(Data entries)
════════════════════

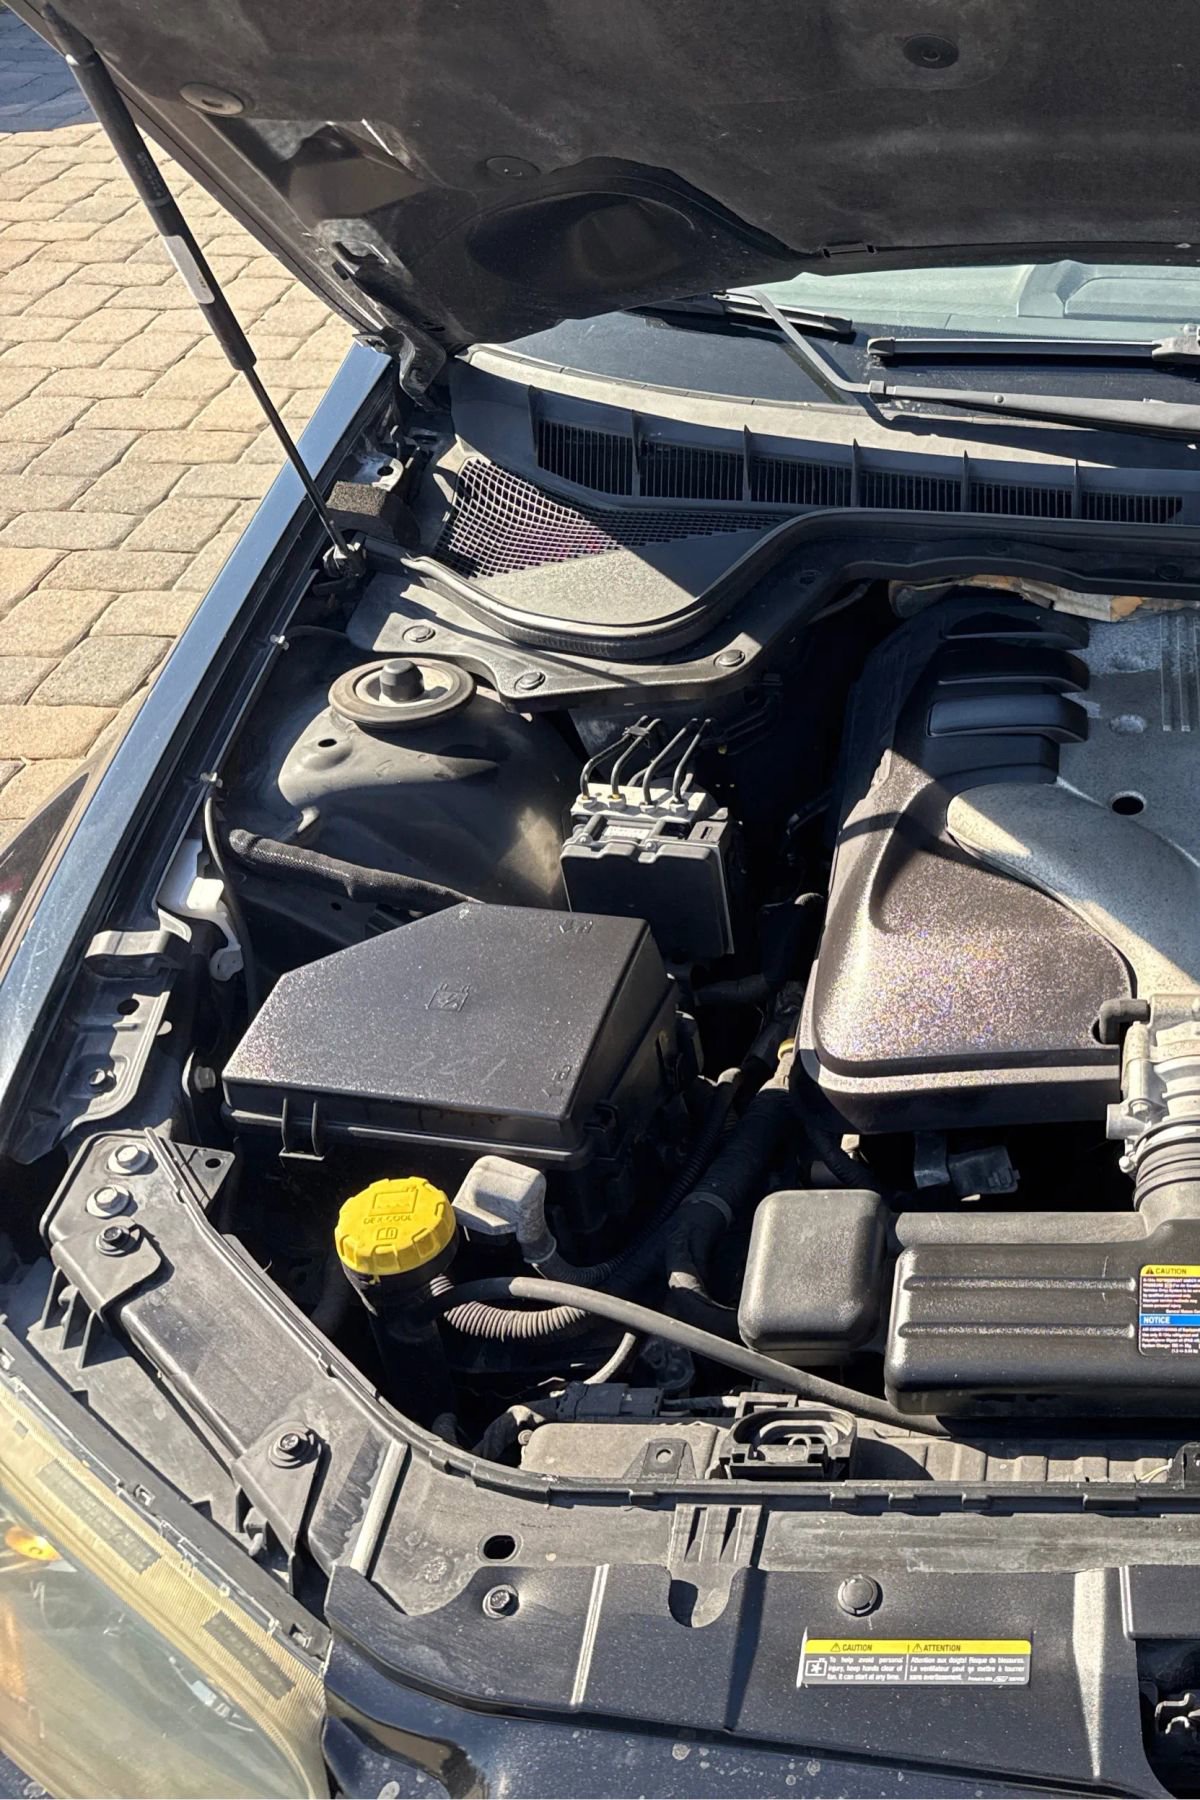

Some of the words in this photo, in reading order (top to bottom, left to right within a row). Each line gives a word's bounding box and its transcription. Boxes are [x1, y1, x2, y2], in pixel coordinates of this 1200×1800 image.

[1155, 1267, 1187, 1275] CAUTION
[1143, 1316, 1170, 1324] NOTICE
[842, 1644, 873, 1652] CAUTION
[923, 1644, 961, 1652] ATTENTION

════════════════════

* TASK DESCRIPTION: Please repeat every record above exactly, leaving the pictures out.

* EXERCISE RESPONSE:
Some of the words in this photo, in reading order (top to bottom, left to right within a row). Each line gives a word's bounding box and its transcription. Boxes are [x1, y1, x2, y2], in pixel coordinates of this 1200×1800 image.

[1155, 1267, 1187, 1275] CAUTION
[1143, 1316, 1170, 1324] NOTICE
[842, 1644, 873, 1652] CAUTION
[923, 1644, 961, 1652] ATTENTION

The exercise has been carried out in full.